Output the entries that follow character for character. Leave every image out.

---------- Extracted material

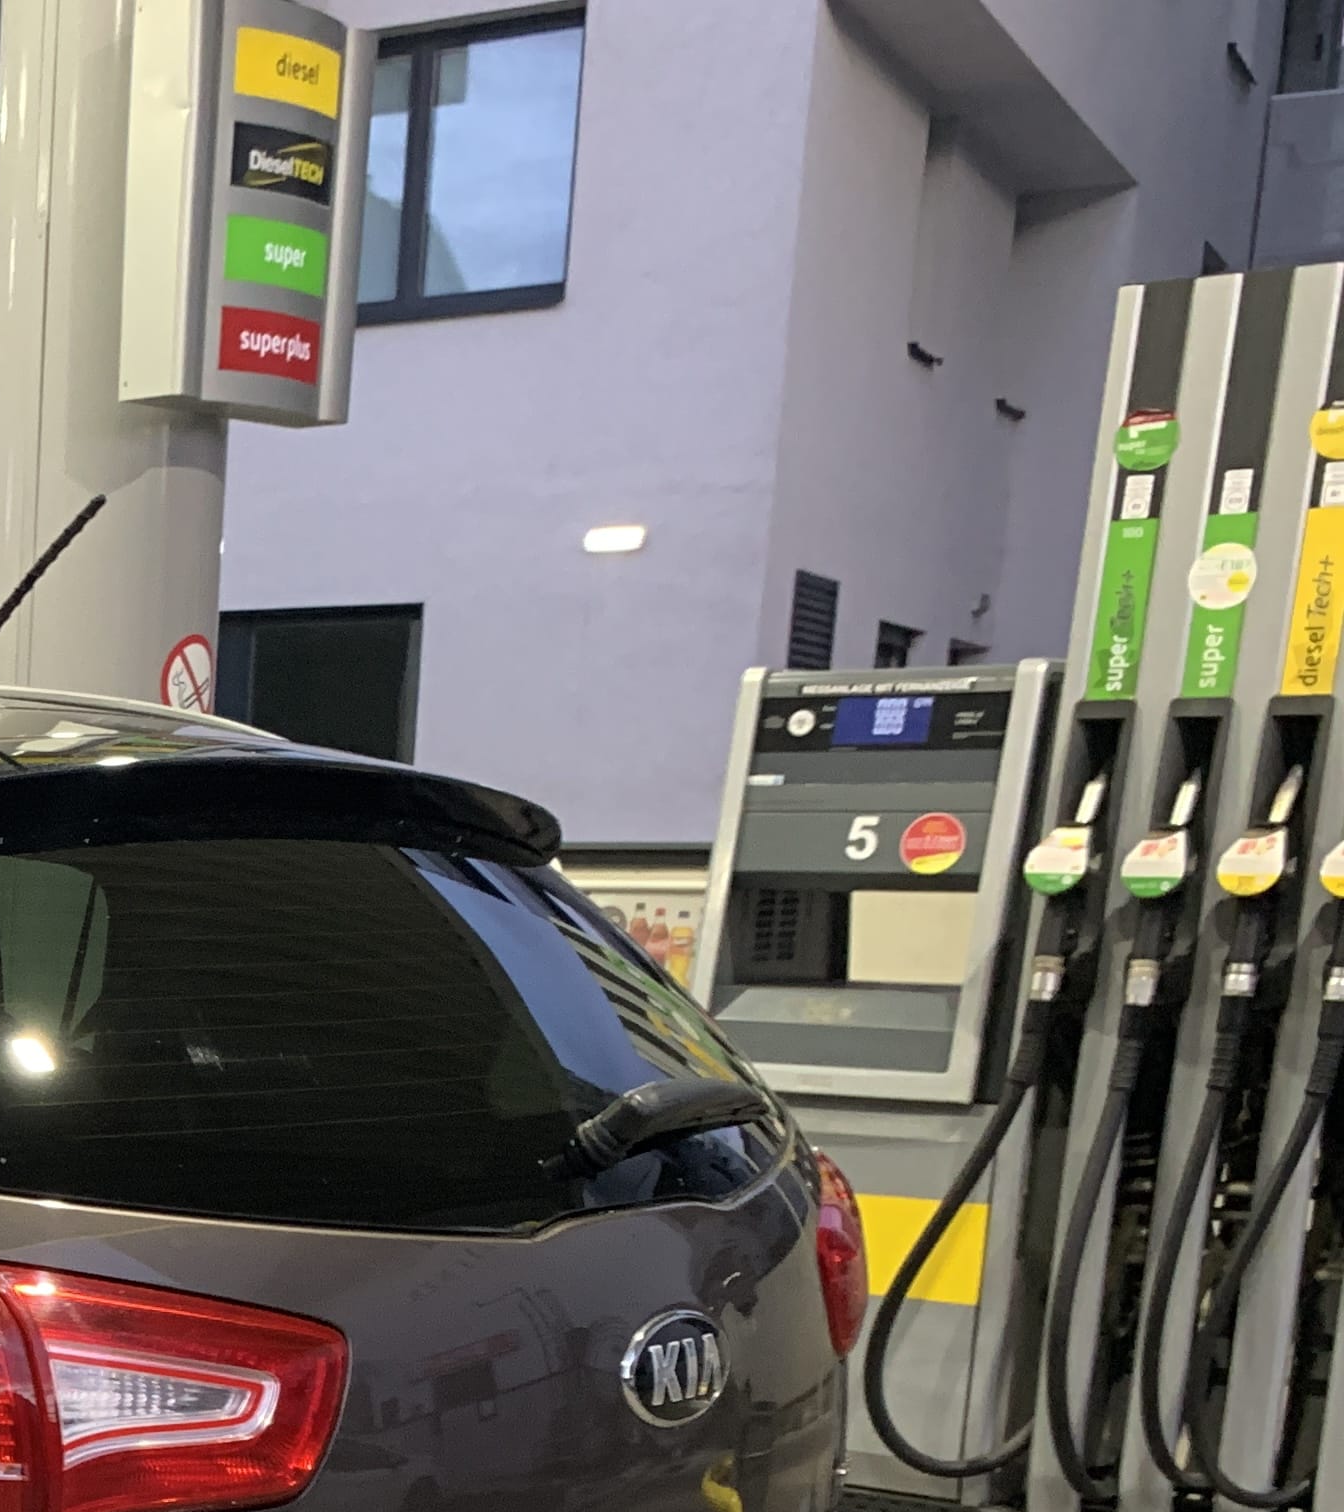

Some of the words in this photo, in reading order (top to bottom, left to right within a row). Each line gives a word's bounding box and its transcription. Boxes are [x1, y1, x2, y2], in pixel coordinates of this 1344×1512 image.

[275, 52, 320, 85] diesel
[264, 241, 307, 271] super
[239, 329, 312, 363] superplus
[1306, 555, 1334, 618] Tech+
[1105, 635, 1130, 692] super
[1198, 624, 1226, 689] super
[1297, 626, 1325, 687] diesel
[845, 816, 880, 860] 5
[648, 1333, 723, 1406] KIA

--------------------

* _Output of the task_
Some of the words in this photo, in reading order (top to bottom, left to right within a row). Each line gives a word's bounding box and its transcription. Boxes are [x1, y1, x2, y2], in pixel coordinates of this 1344×1512 image.

[275, 52, 320, 85] diesel
[264, 241, 307, 271] super
[239, 329, 312, 363] superplus
[1306, 555, 1334, 618] Tech+
[1105, 635, 1130, 692] super
[1198, 624, 1226, 689] super
[1297, 626, 1325, 687] diesel
[845, 816, 880, 860] 5
[648, 1333, 723, 1406] KIA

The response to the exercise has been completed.